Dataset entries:
┄┄┄┄┄┄┄┄┄┄┄┄┄┄┄┄┄┄┄┄

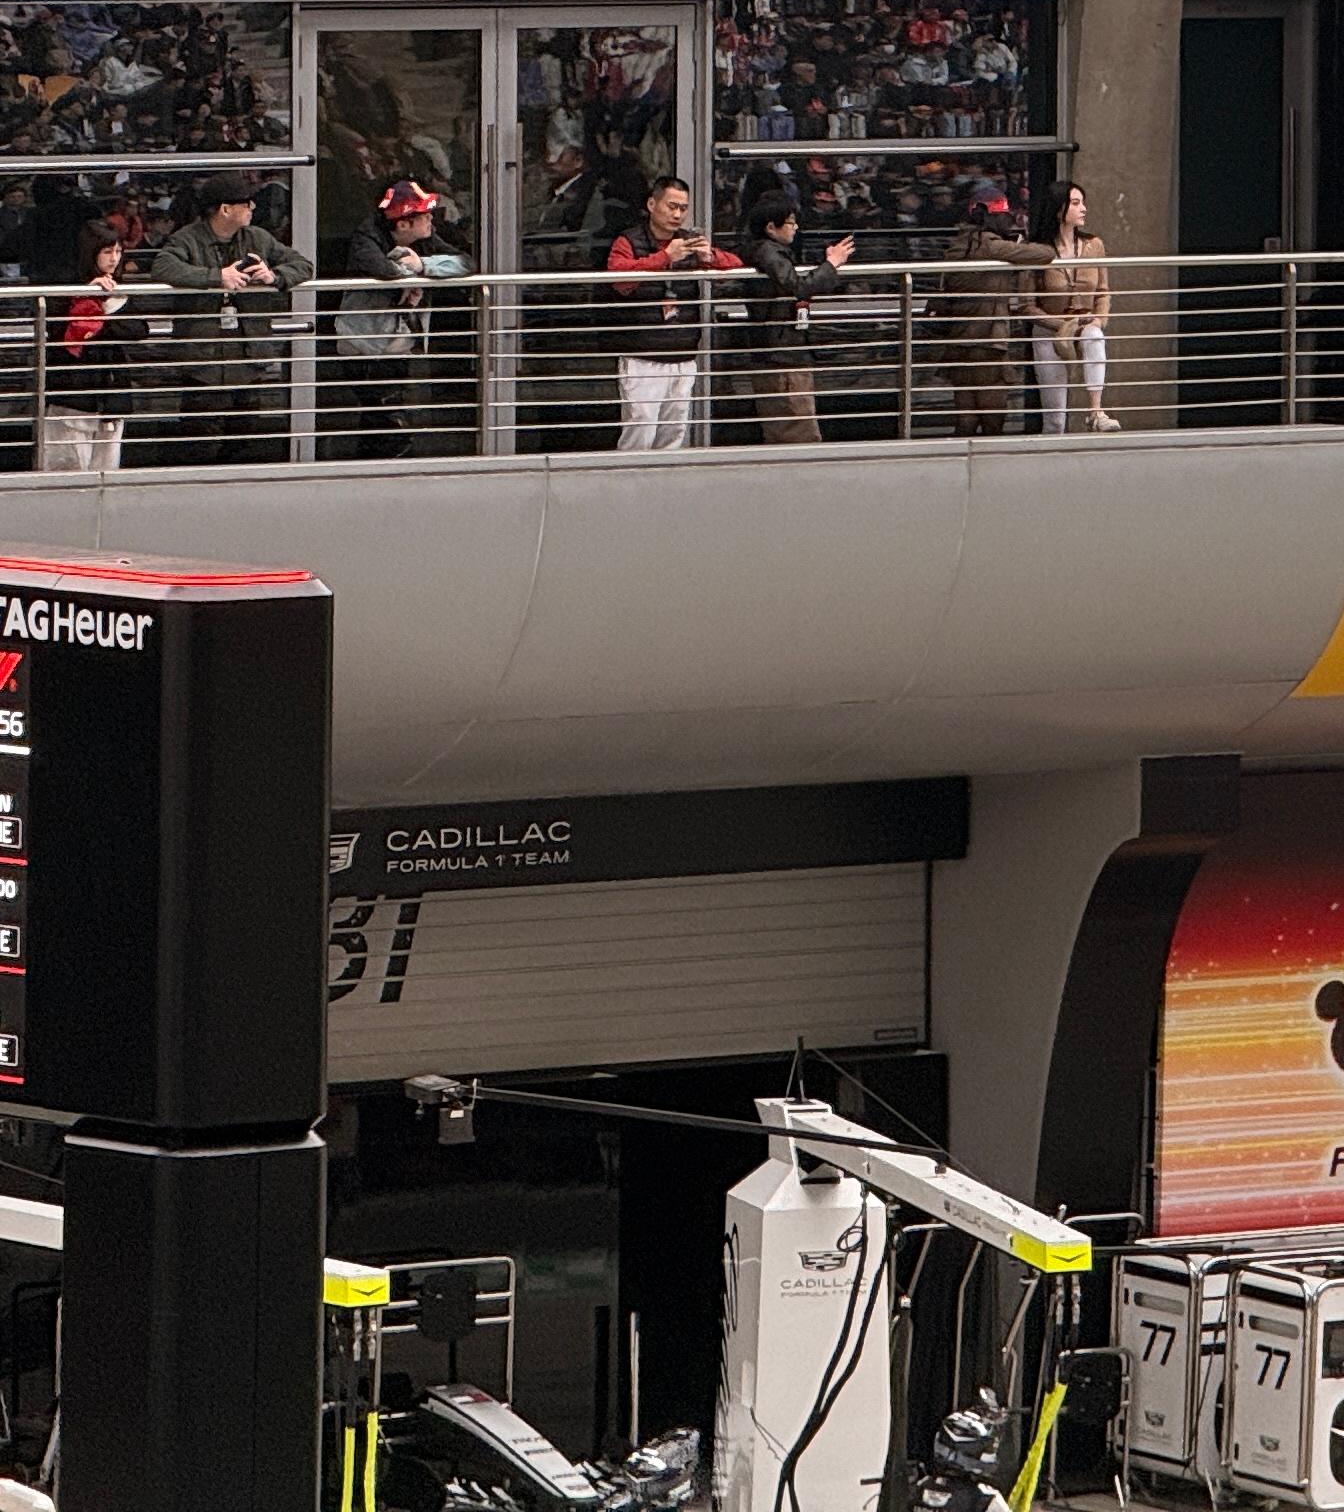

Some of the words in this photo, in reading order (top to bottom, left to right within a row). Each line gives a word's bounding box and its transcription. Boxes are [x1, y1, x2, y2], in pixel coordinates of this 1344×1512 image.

[386, 821, 572, 852] CADILLAC
[386, 855, 488, 873] FORMULA
[511, 850, 570, 865] TEAM
[1140, 1320, 1177, 1366] 77
[1255, 1344, 1291, 1390] 77
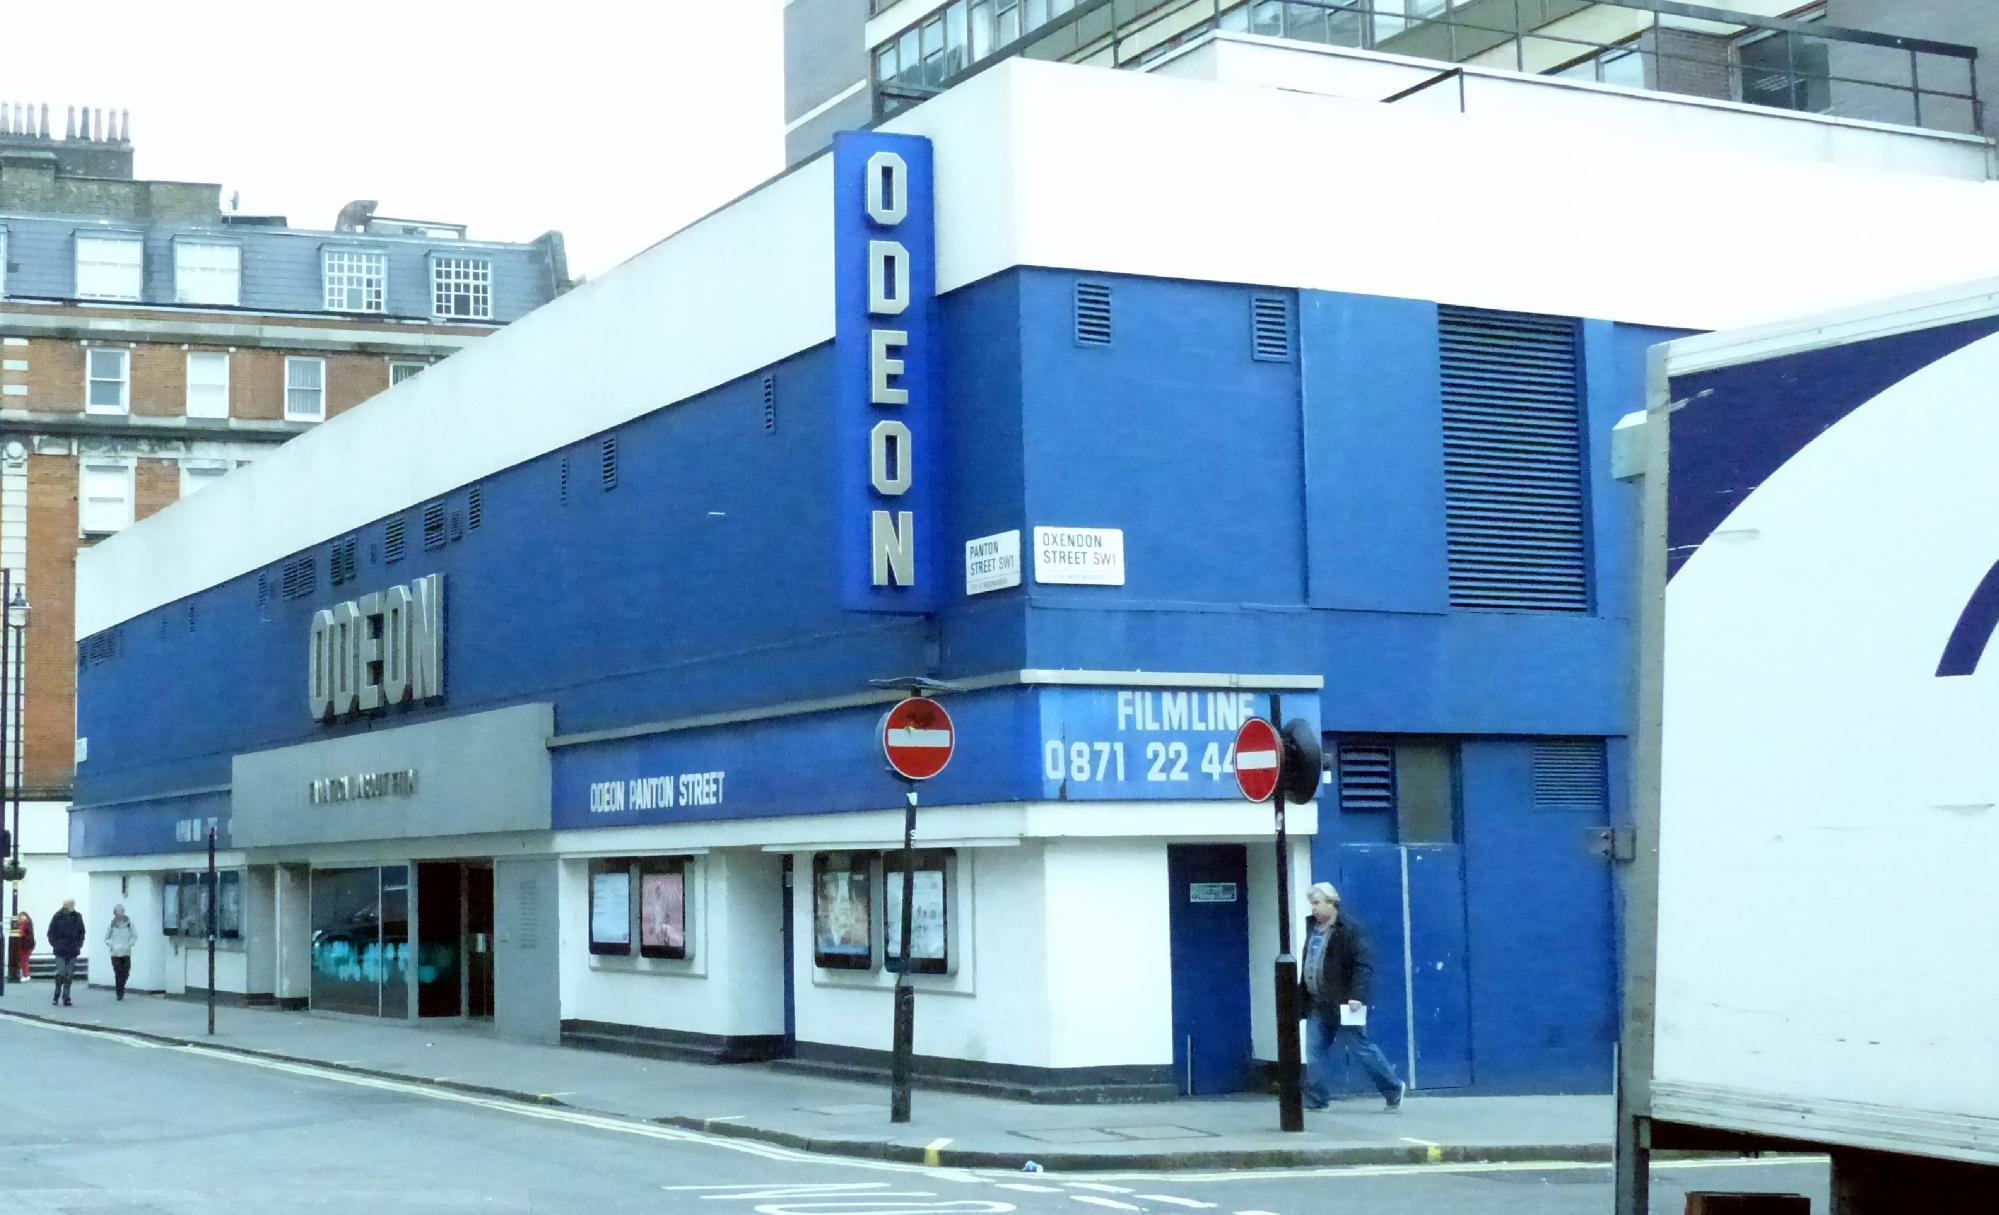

┄┄┄┄┄┄┄┄┄┄┄┄┄┄┄┄┄┄┄┄

All of the data above must be printed exactly, minus its pictures.

Output below:
Some of the words in this photo, in reading order (top to bottom, left to right within a row). Each line gives a word's bounding box and its transcription. Boxes are [x1, y1, x2, y2], in pixel coordinates of this 1344×1512 image.

[386, 821, 572, 852] CADILLAC
[386, 855, 488, 873] FORMULA
[511, 850, 570, 865] TEAM
[1140, 1320, 1177, 1366] 77
[1255, 1344, 1291, 1390] 77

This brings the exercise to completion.